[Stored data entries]
----

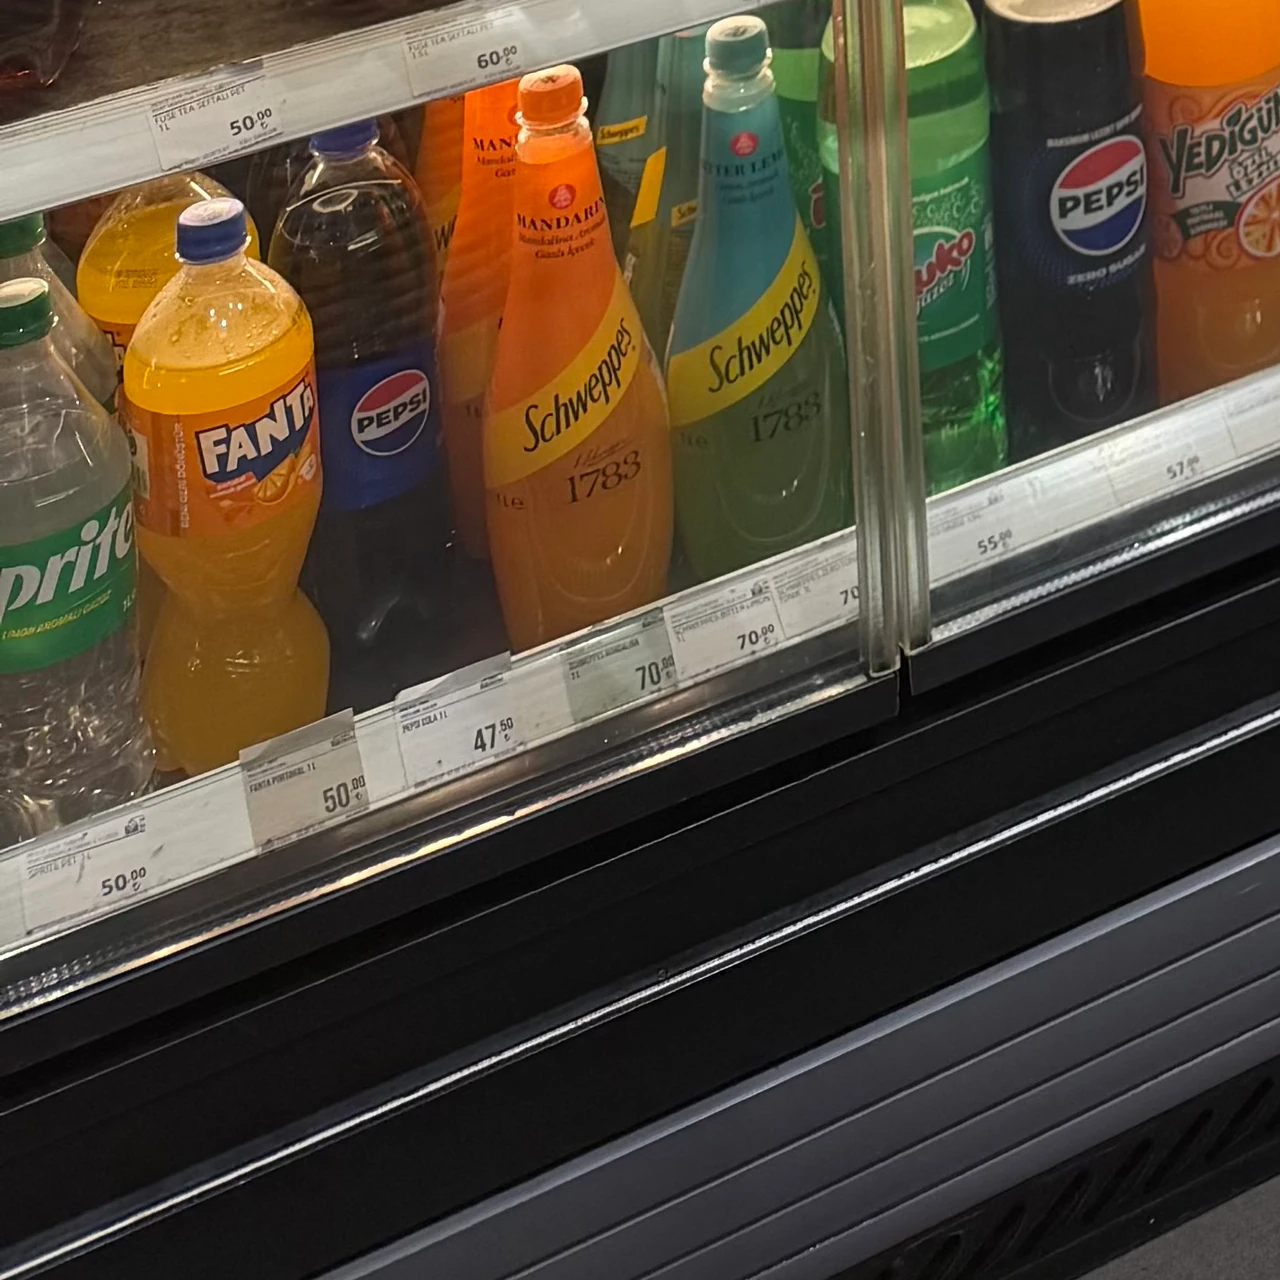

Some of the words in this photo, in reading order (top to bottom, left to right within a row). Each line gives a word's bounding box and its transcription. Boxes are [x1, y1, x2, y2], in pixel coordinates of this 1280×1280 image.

[1058, 170, 1146, 220] PEPSI
[1067, 266, 1104, 284] ZERO
[708, 259, 817, 394] Schweppes
[523, 317, 635, 453] Schweppes
[199, 382, 314, 475] FANTA
[357, 393, 427, 435] PEPSI
[751, 391, 821, 443] 1783
[568, 451, 641, 505] 1783
[0, 500, 133, 616] prite
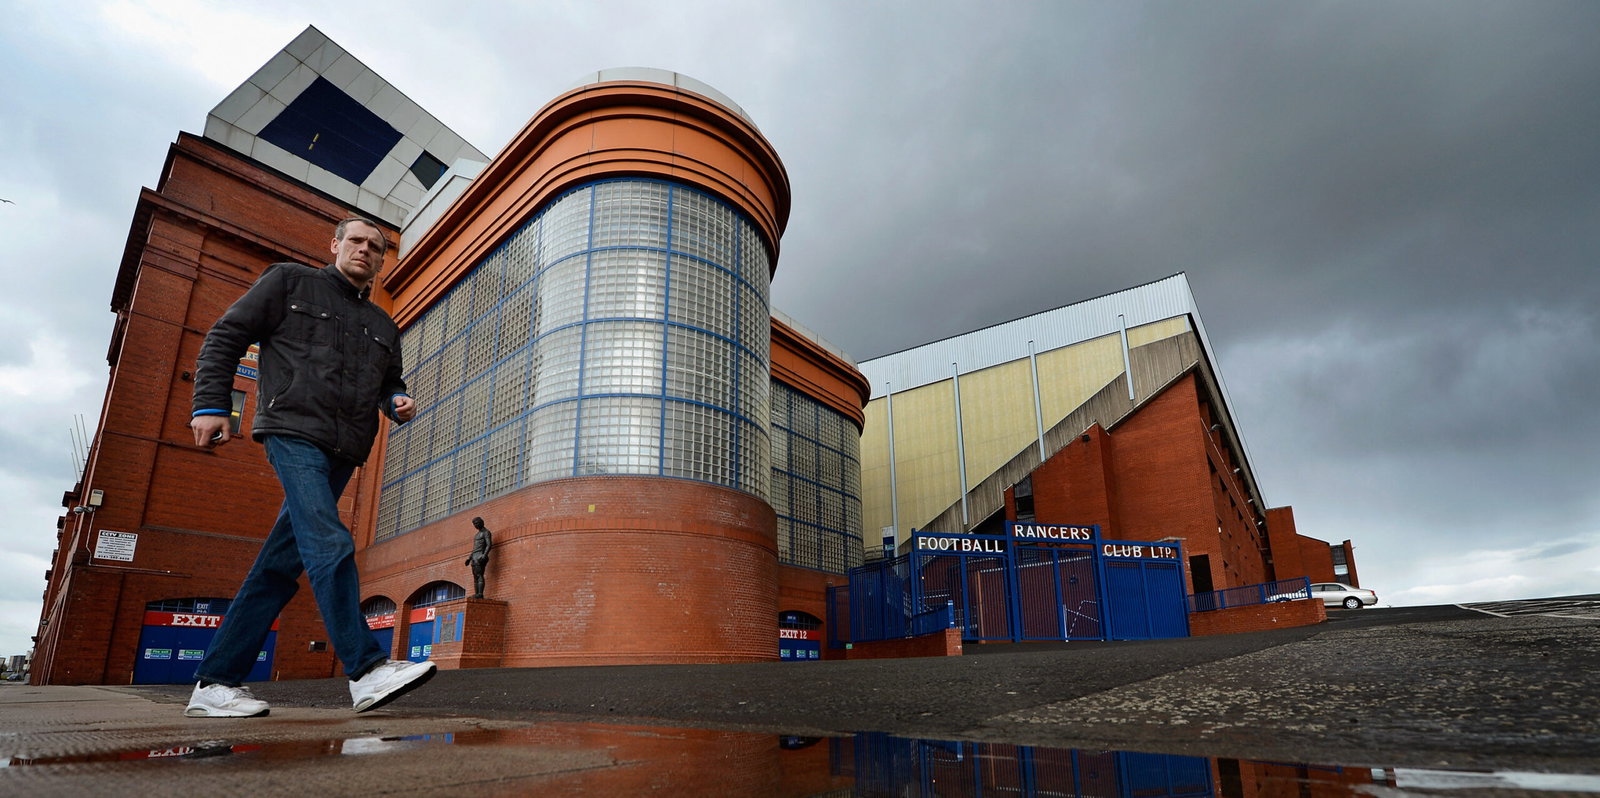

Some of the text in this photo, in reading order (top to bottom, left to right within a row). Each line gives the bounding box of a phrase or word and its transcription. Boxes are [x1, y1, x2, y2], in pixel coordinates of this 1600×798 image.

[1014, 524, 1090, 540] RANGERS
[918, 537, 1004, 553] FOOTBALL
[1104, 544, 1142, 558] CLUB
[171, 614, 220, 627] EXIT
[780, 630, 808, 639] EXIT 12

----

### Directions
Transcribe each entry exactly; images stay out.

### Exercise solution
Some of the words in this photo, in reading order (top to bottom, left to right within a row). Each line gives a word's bounding box and its transcription. Boxes are [x1, y1, x2, y2], in pixel coordinates of this 1280×1280 image.

[1058, 170, 1146, 220] PEPSI
[1067, 266, 1104, 284] ZERO
[708, 259, 817, 394] Schweppes
[523, 317, 635, 453] Schweppes
[199, 382, 314, 475] FANTA
[357, 393, 427, 435] PEPSI
[751, 391, 821, 443] 1783
[568, 451, 641, 505] 1783
[0, 500, 133, 616] prite

Some of the text in this photo, in reading order (top to bottom, left to right within a row). Each line gives the bounding box of a phrase or word and its transcription. Boxes are [x1, y1, x2, y2], in pixel coordinates of this 1600×798 image.

[1014, 524, 1090, 540] RANGERS
[918, 537, 1004, 553] FOOTBALL
[1104, 544, 1142, 558] CLUB
[171, 614, 220, 627] EXIT
[780, 630, 808, 639] EXIT 12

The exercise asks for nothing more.